In light of the foregoing, the court finds that Downs' allegations are properly viewed as a stating claim of FMLA retaliation alone. Downs has not alleged that she was denied, directly or indirectly, any FMLA leave. Instead, she alleges only that she was subjected to harassment, negative reviews, discipline and, ultimately, termination because she used FLMA leave. As such, while she has clearly stated a claim for FMLA retaliation, she has failed to state a claim for interference. Accordingly, the court will dismiss Count I.

III.

Valley Health also moved pursuant to Rule 12(b)(6) for the dismissal of Downs' request for punitive damages in Count III. " [P]unitive damages is not a 'cause of action' subject to dismissal under Rule 12(b)(6)." Rathbone v. Haywood Cnty., No. 1:08CV117, 2008 WL 2789770, at *1 (W.D.N.C. July 17, 2008). " A plain reading of Rule 12(b)(6) indicates that the rule may be used only to dismiss a 'claim' in its entirety." Janis v. Nelson, No. CR. 09-5019-KES, 2009 WL 4505935, at *7 (D.S.D. Nov. 24, 2009) (citations omitted); Fed.R.Civ.P. 12(b)(6) (permitting party to raise the defense of " failure to state a claim upon which relief can be granted" by

Page 620

motion). Because " a demand for relief is not part of a plaintiff's statement of the claim," Alexander v. Southeastern Wholesale Corp., No. 2:13CV213, 978 F.Supp.2d 615, 2013 WL 5673311, at *8 n.7 (E.D. Va. Oct. 17, 2013) (citing Bontkowski v. Smith, 305 F.3d 757, 762 (7th Cir. 2002)), the nature of the relief sought is immaterial to the question of whether a complaint adequately states a claim upon which relief can be granted. See Int'l Fid. Ins. Co. v. Mahogany, Inc., No. CIV. JKB-11-1708, 2011 WL 3055251, at *2 n.1 (D. Md. June 25, 2011) (citing Charles Alan Wright, et al., 5 Federal Practice And Procedure § 1255 (3rd ed. 1993)).

" [Rule] 54 underscores the impropriety of dismissing requests for punitive damages under [Rule] 12(b)(6)." Oppenheimer v. Southwest Airlines Co., No. 13-CV-260-IEG BGS, 2013 WL 3149483, at *4 n.1 (S.D. Cal. June 17, 2013). Because Rule 54(c) directs courts to " grant the relief to which each party is entitled, even if the party has not demanded that relief in its pleadings," it " makes little sense to require detailed factual allegations to support a demand for certain damages when such damages may ultimately be awarded even if they were never pled in the complaint." Id. (citations omitted); Fed.R.Civ.P. 54(c). In short, the question of punitive damages is not properly addressed on a motion to dismiss. The court will accordingly deny this portion of defendants' motion.

III.

This is not a case where an employee was allegedly denied FMLA benefits. Instead, Downs has alleged that she took advantage of the rights the FMLA provided to her and that her employer took adverse action against her because she exercised those rights. While these allegations clearly state a claim for FMLA retaliation, they do not assert any claim for FMLA interference. As to punitive damages, the court will not attempt to determine the appropriate relief at this preliminary stage of the proceedings. The court will also deny Valley's Health's request for costs. An appropriate Order will be entered this day.

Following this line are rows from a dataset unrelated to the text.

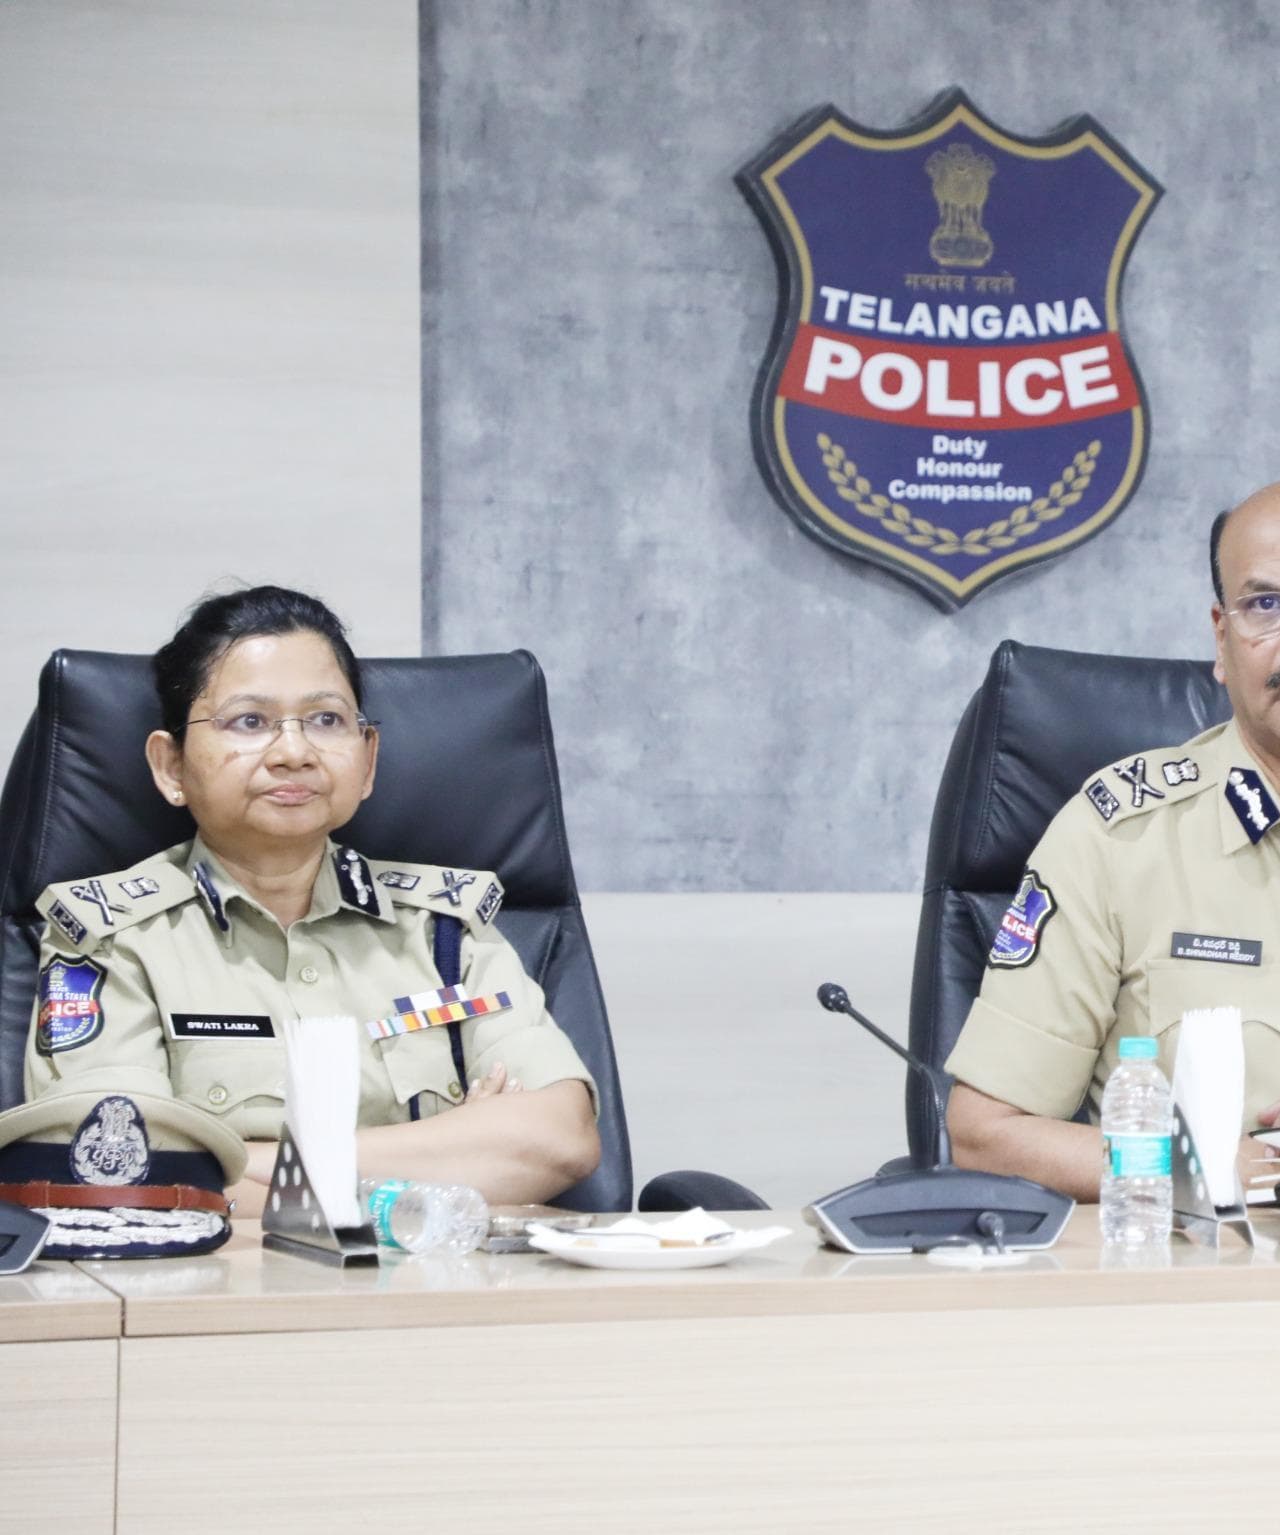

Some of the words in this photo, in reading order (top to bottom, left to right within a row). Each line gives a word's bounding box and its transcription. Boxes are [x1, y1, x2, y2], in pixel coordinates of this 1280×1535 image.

[820, 286, 1101, 340] TELANGANA
[803, 335, 1120, 418] POLICE
[932, 435, 988, 459] Duty
[916, 457, 1003, 480] Honour
[888, 479, 1033, 503] Compassion
[1229, 952, 1256, 962] REDDY
[187, 1021, 221, 1030] SWATI
[223, 1022, 260, 1031] LAKRA
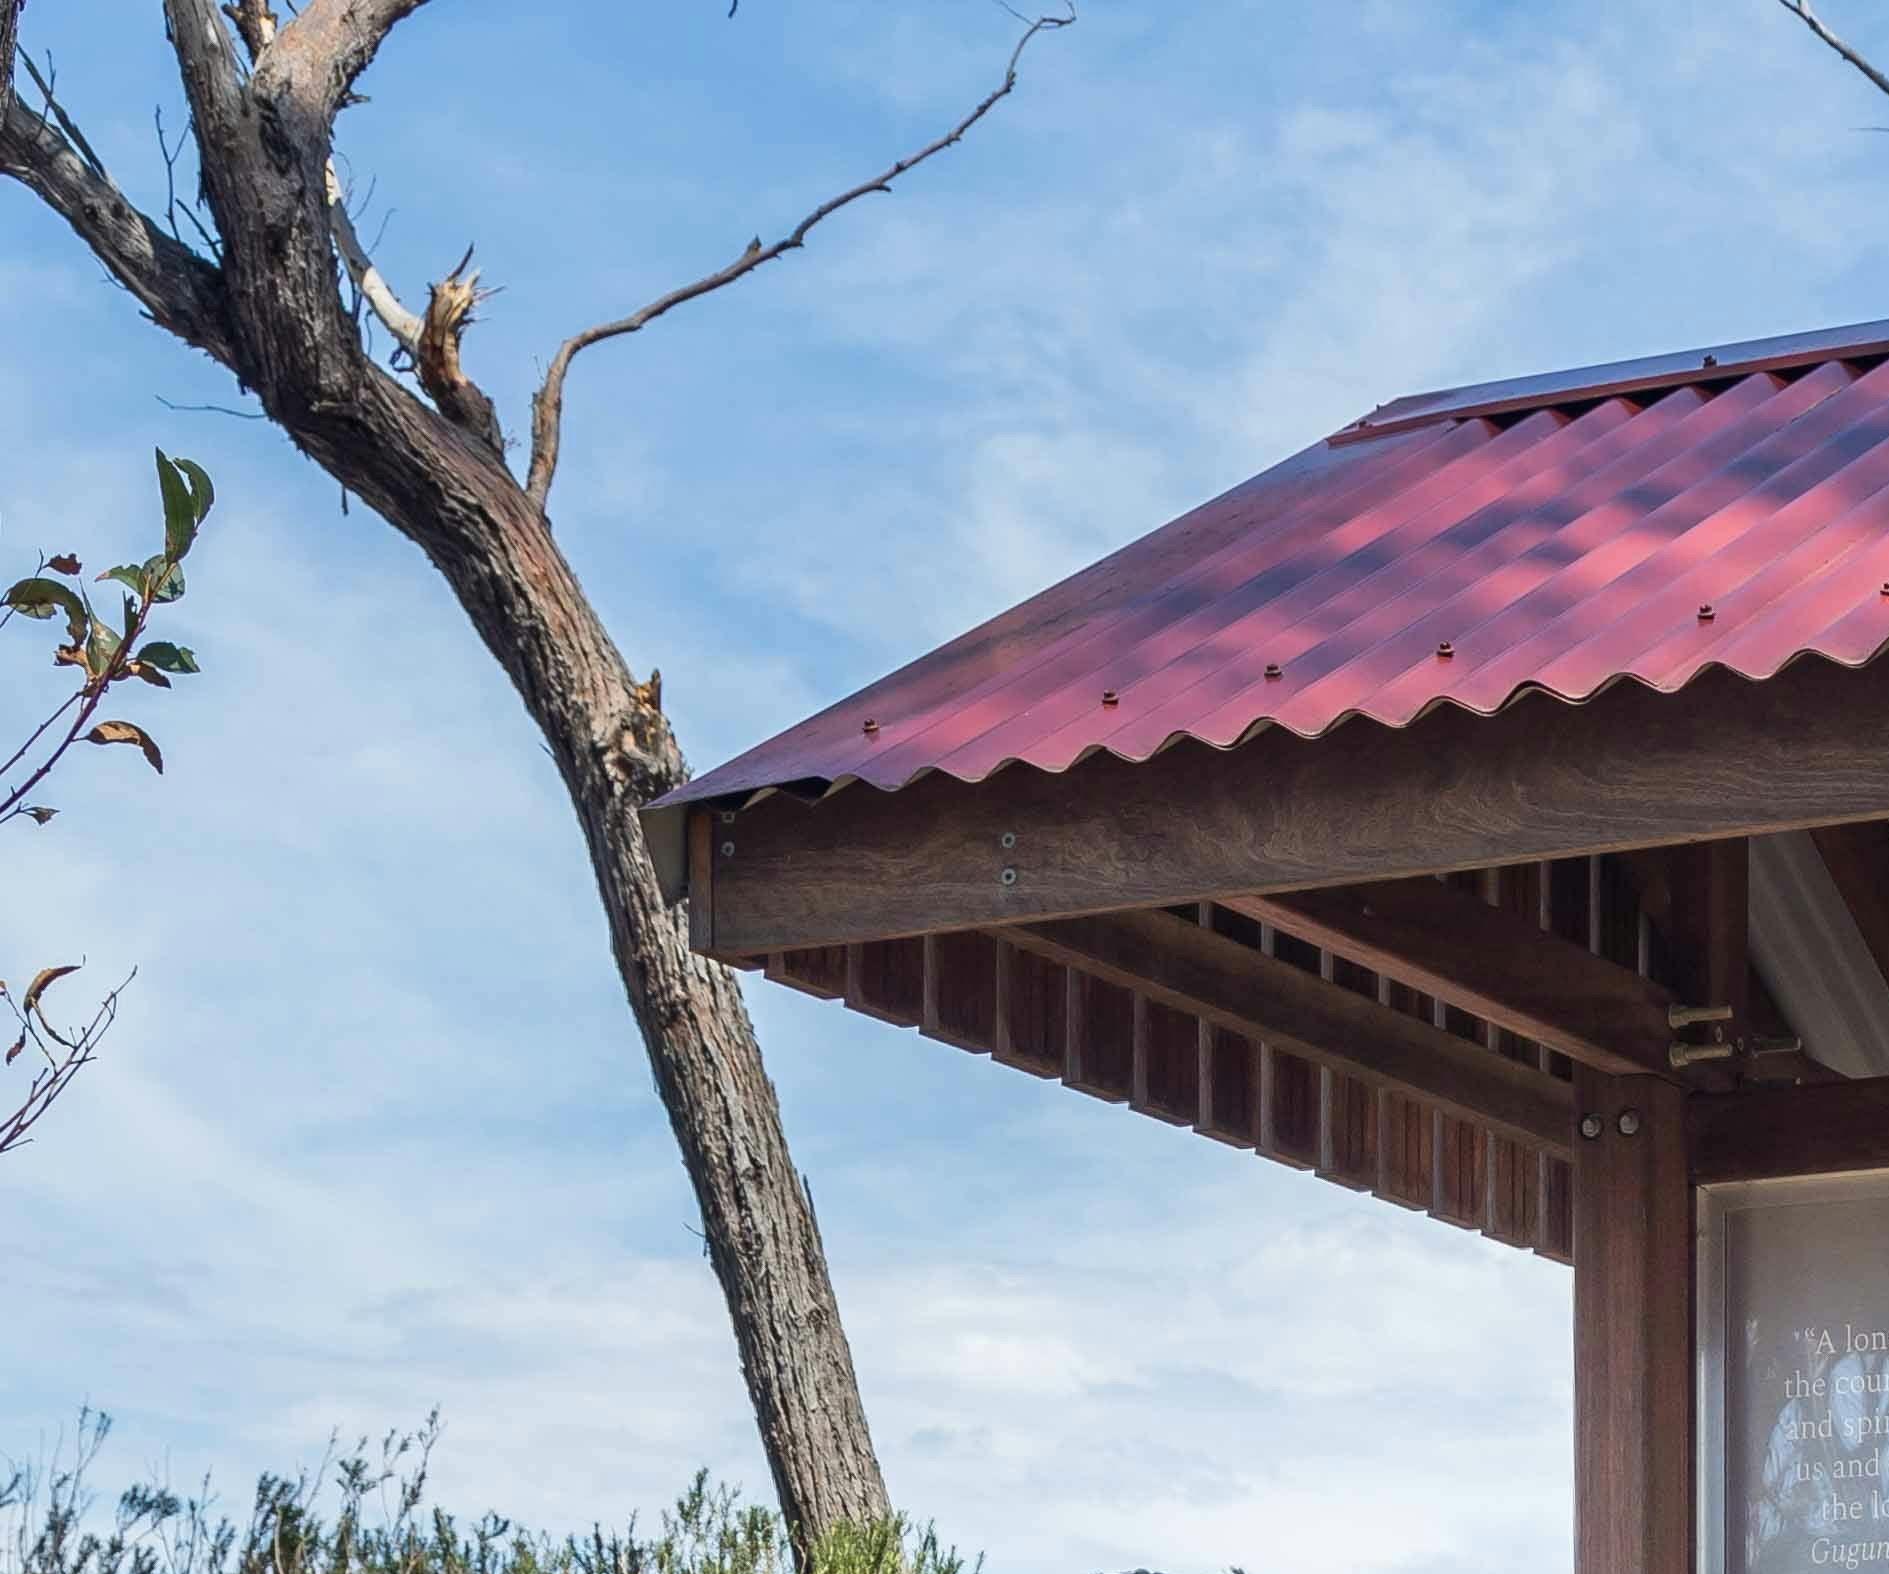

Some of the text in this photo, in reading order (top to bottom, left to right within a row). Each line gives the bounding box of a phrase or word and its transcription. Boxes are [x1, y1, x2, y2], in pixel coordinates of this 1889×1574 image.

The Clerk is directed to send a copy of this Memorandum Opinion to all counsel of record.

ORDER

For the reasons set forth in the Memorandum Opinion entered this day, defendants' Motion to Dismiss, in Part, Second Amended Complaint, Dkt. No. 30, is GRANTED in part and DENIED in part. Specifically, the motion is GRANTED as to Count I, DENIED as to the request for punitive damages in Count III, and DENIED as to defendant's request for costs. Count I is accordingly DISMISSED.

It is so ORDERED.

The Clerk of Court hereby is directed to send a certified copy of this Order to all counsel of record.